• DATASET EXCERPTS:
Content starts
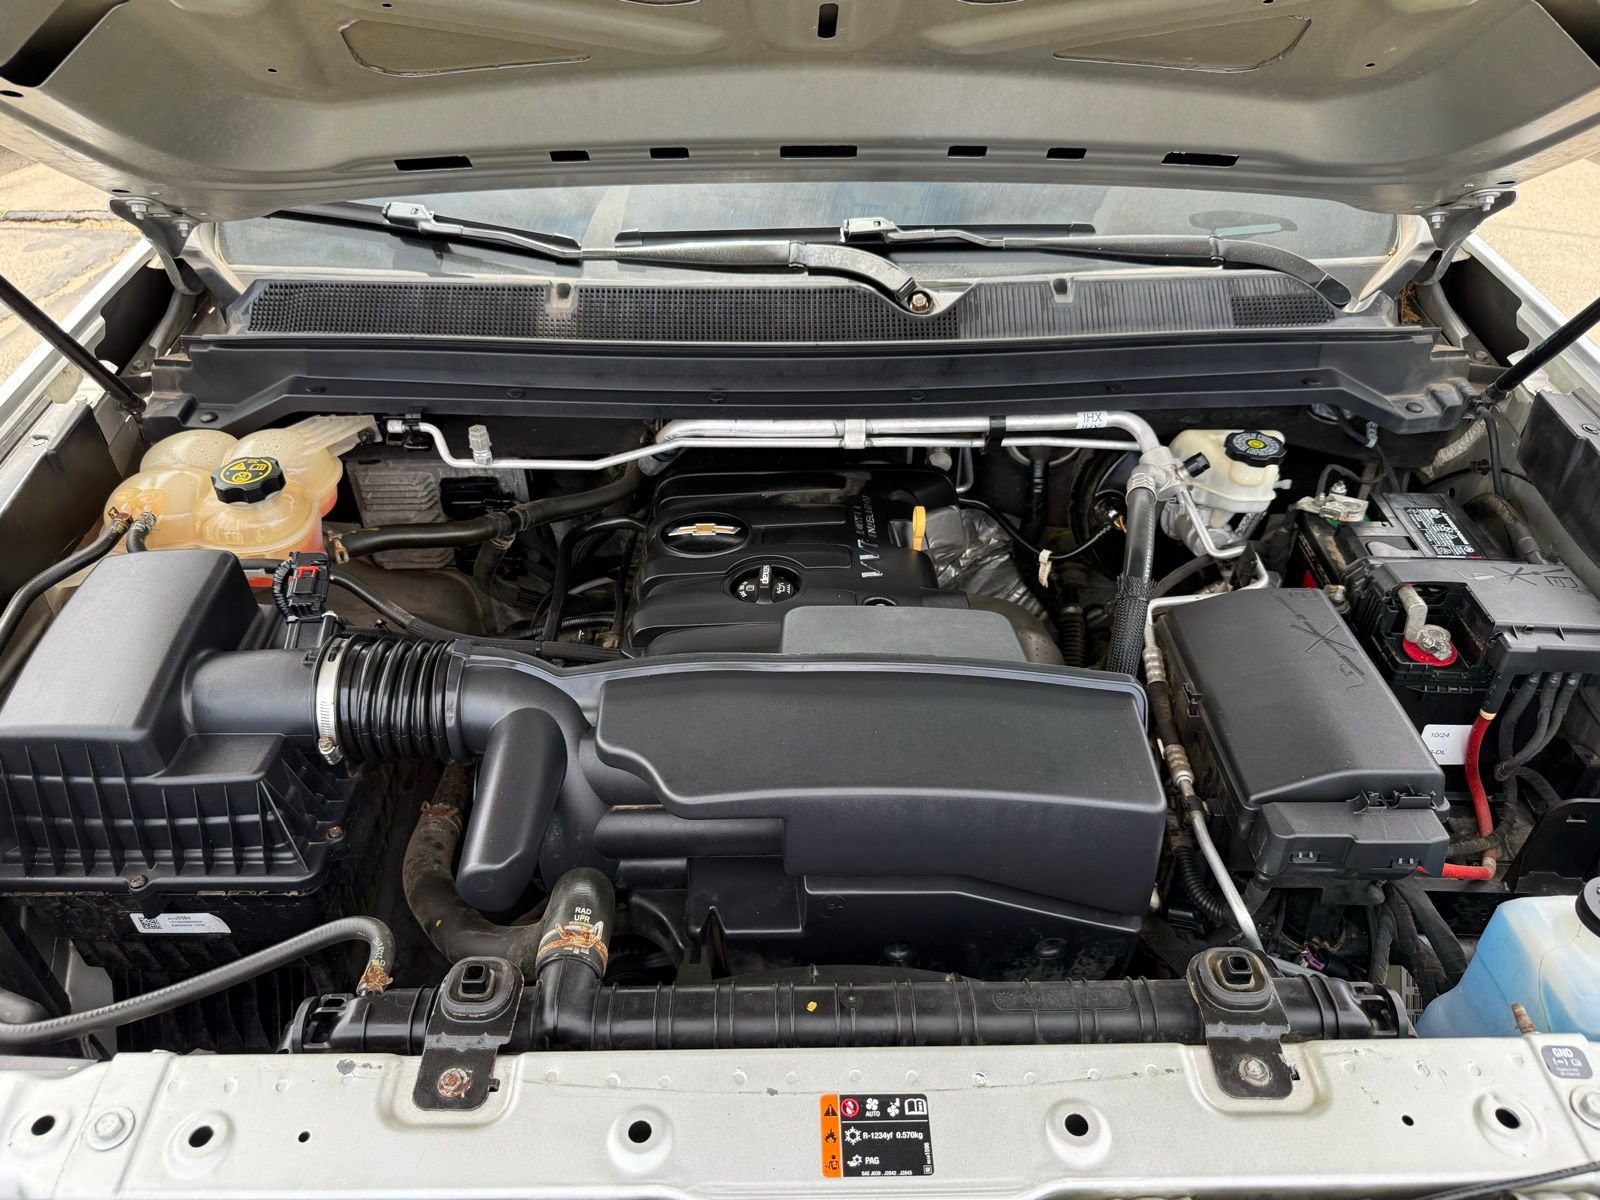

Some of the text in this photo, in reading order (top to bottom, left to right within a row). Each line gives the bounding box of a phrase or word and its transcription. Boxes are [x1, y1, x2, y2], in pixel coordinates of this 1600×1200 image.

[575, 906, 592, 915] RAD
[574, 914, 590, 923] UPR
[1551, 1047, 1574, 1058] GND
[862, 1131, 924, 1140] R-1234yf 0.570kg
[865, 1156, 880, 1164] PAG
Content ends
• DIRECTIONS: Retype the whole listing, keeping every line identical and omitting all pictures.

• REPLY:
Some of the text in this photo, in reading order (top to bottom, left to right within a row). Each line gives the bounding box of a phrase or word and its transcription. Boxes are [x1, y1, x2, y2], in pixel coordinates of this 1600×1200 image.

[575, 906, 592, 915] RAD
[574, 914, 590, 923] UPR
[1551, 1047, 1574, 1058] GND
[862, 1131, 924, 1140] R-1234yf 0.570kg
[865, 1156, 880, 1164] PAG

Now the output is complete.